Joey Watkins is innocent.
You don’t have to take our word for it. Take the word of Dr. Paul Steffes, a well-respected scientist and professor at the Georgia Institute of Technology, who has testified in a number of criminal cases as an expert witness for the prosecution – including in the September 2000 hearing that led to the admissibility of cell phone evidence in Georgia criminal trials. Dr. Steffes has this to say about Joey’s case: “The cell phone evidence in this case is clear-cut and unambiguous. Watkins’ cell phone could not have been at the crime scene when the shooting took place.” It is absolutely undisputed that Joey Watkins was with his cell phone when the shooting took place.
Joey Watkins has proclaimed his innocence for almost 20 years, since the day he first became a suspect in the January 11, 2000 shooting death of a young man in Floyd County, Georgia. The prosecuting attorney managed to convince a jury that while Joey drove a vehicle and spoke on his cell phone, his passenger and co-defendant Mark Free shot and killed the victim as the victim was driving a different car.
Joey proclaimed his innocence at trial, when his defense attorneys tried to explain the significance of the cell phone evidence that definitively proved that Joey Watkins could not have been at the crime scene at the time of the shooting.

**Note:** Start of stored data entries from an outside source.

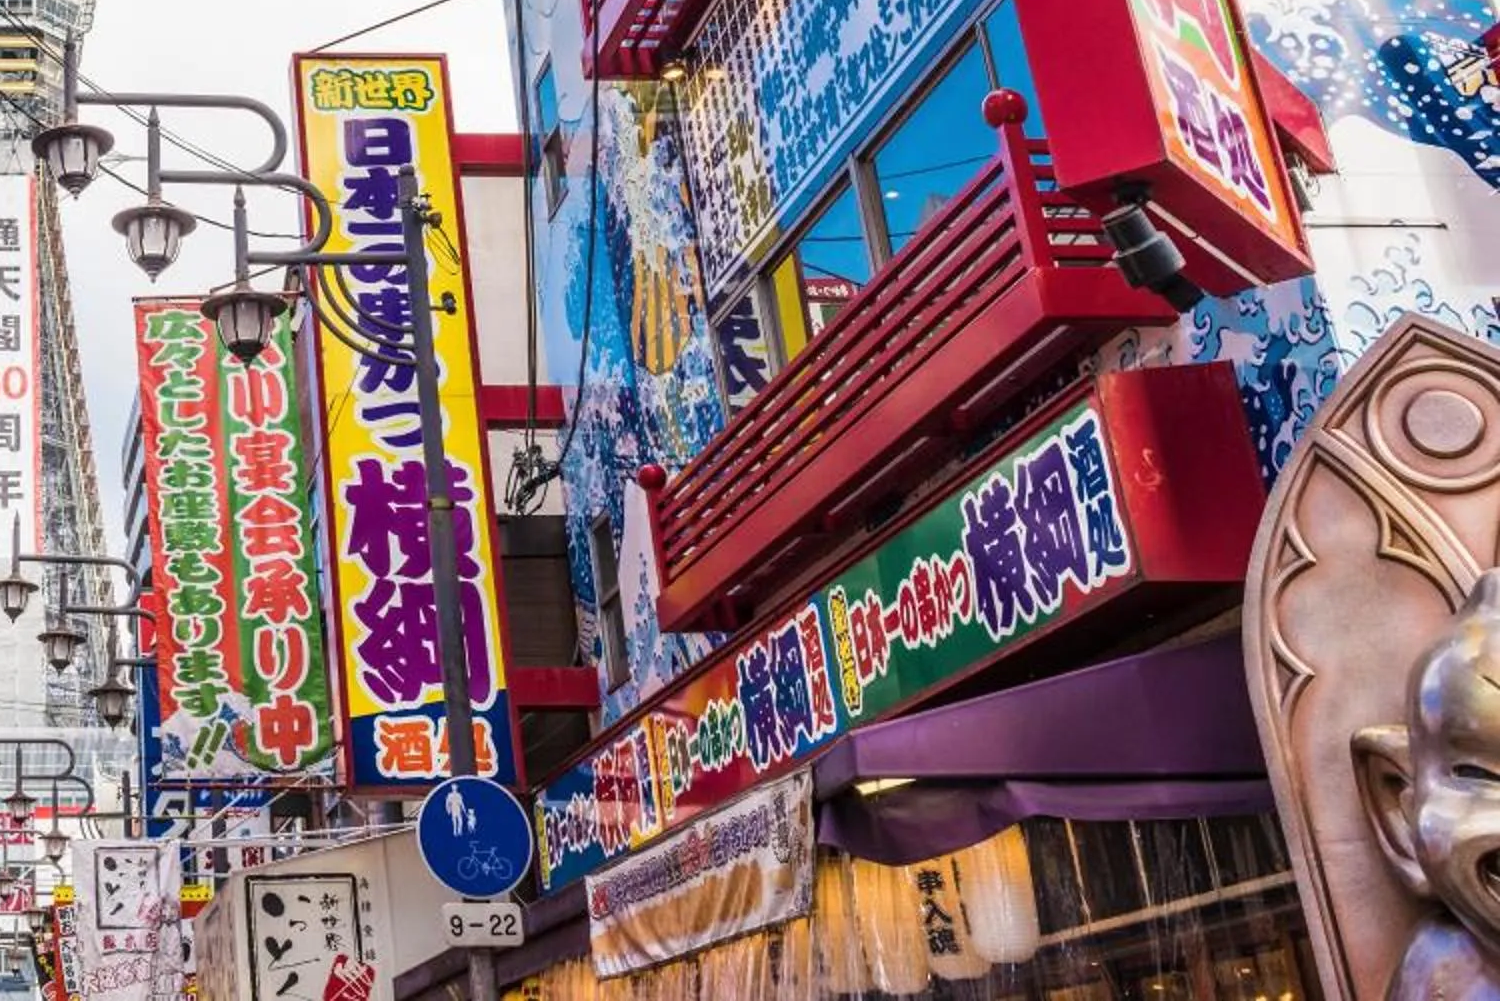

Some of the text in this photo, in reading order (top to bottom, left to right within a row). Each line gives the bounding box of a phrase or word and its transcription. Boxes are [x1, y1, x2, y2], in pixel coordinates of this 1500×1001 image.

[312, 71, 433, 111] 新世界
[224, 317, 318, 768] 小宴会承り中
[851, 556, 971, 680] 日本一の串かつ
[964, 440, 1089, 637] 横綱
[1065, 412, 1128, 580] 酒処
[737, 623, 815, 771] 横綱
[450, 915, 518, 936] 9-22

He proclaimed his innocence when sentenced to life in prison for murder, decrying the mistaken verdict to the Judge and anyone who would listen: “They can send me to prison, but I just want the [victim’s] family to know that justice has not been done. I had nothing to do with this, and I will say it ‘til the day I die.”
Joey’s innocence was again apparent at his co-defendant Mark Free’s murder trial, when Mark’s attorneys did a better job explaining the significance of the same exculpatory cell phone evidence, and Mark was acquitted.
Joey explained his innocence again in his first habeas corpus petition and hearing, when he argued that he was actually innocent and that his trial lawyers were ineffective for not adequately explaining the scientific cell phone evidence that proved his innocence.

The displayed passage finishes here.